DeepInteraction++: Multi-Modality Interaction for Autonomous Driving
- URL: http://arxiv.org/abs/2408.05075v2
- Date: Thu, 15 Aug 2024 11:03:41 GMT
- Title: DeepInteraction++: Multi-Modality Interaction for Autonomous Driving
- Authors: Zeyu Yang, Nan Song, Wei Li, Xiatian Zhu, Li Zhang, Philip H. S. Torr,
- Abstract summary: We introduce a novel modality interaction strategy that allows individual per-modality representations to be learned and maintained throughout.
DeepInteraction++ is a multi-modal interaction framework characterized by a multi-modal representational interaction encoder and a multi-modal predictive interaction decoder.

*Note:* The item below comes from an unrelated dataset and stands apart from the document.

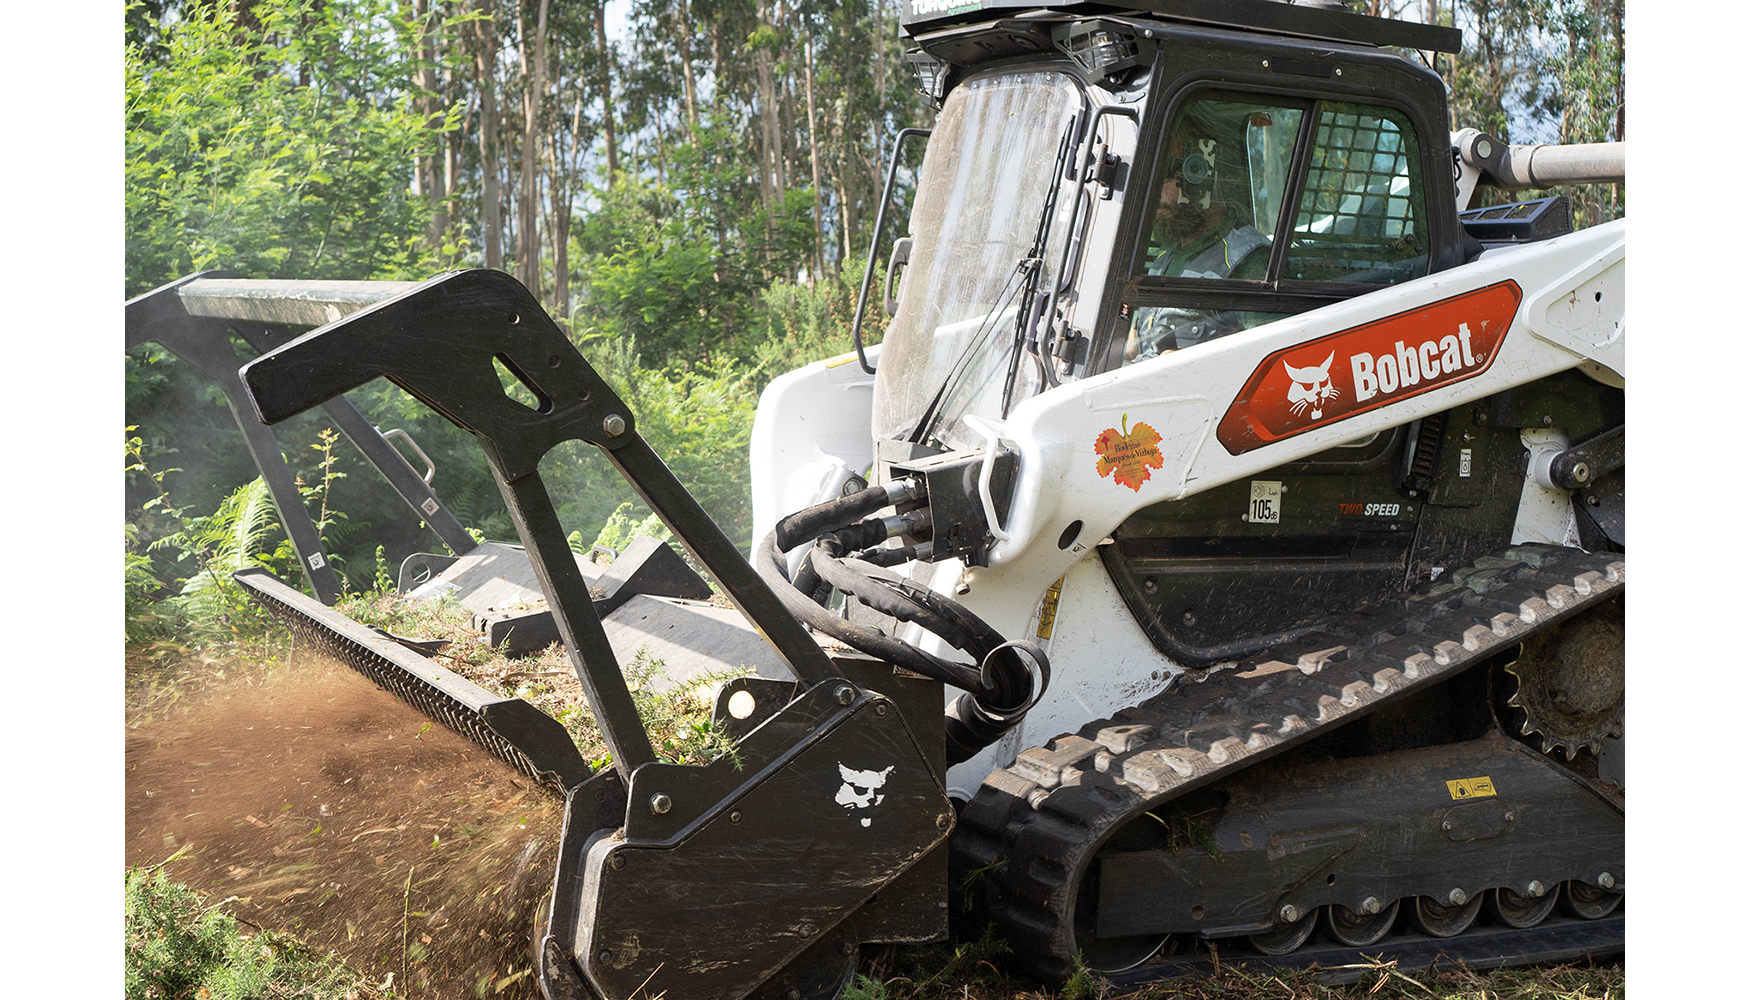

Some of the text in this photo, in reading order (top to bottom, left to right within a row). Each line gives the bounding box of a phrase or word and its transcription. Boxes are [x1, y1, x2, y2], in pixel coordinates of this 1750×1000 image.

Experiments demonstrate the superior performance of the proposed framework on both 3D object detection and end-to-end autonomous driving tasks.
- Score: 80.8837864849534
- License: http://creativecommons.org/licenses/by/4.0/
- Abstract: Existing top-performance autonomous driving systems typically rely on the multi-modal fusion strategy for reliable scene understanding. This design is however fundamentally restricted due to overlooking the modality-specific strengths and finally hampering the model performance. To address this limitation, in this work, we introduce a novel modality interaction strategy that allows individual per-modality representations to be learned and maintained throughout, enabling their unique characteristics to be exploited during the whole perception pipeline. To demonstrate the effectiveness of the proposed strategy, we design DeepInteraction++, a multi-modal interaction framework characterized by a multi-modal representational interaction encoder and a multi-modal predictive interaction decoder. Specifically, the encoder is implemented as a dual-stream Transformer with specialized attention operation for information exchange and integration between separate modality-specific representations. Our multi-modal representational learning incorporates both object-centric, precise sampling-based feature alignment and global dense information spreading, essential for the more challenging planning task. The decoder is designed to iteratively refine the predictions by alternately aggregating information from separate representations in a unified modality-agnostic manner, realizing multi-modal predictive interaction. Extensive experiments demonstrate the superior performance of the proposed framework on both 3D object detection and end-to-end autonomous driving tasks. Our code is available at https://github.com/fudan-zvg/DeepInteraction.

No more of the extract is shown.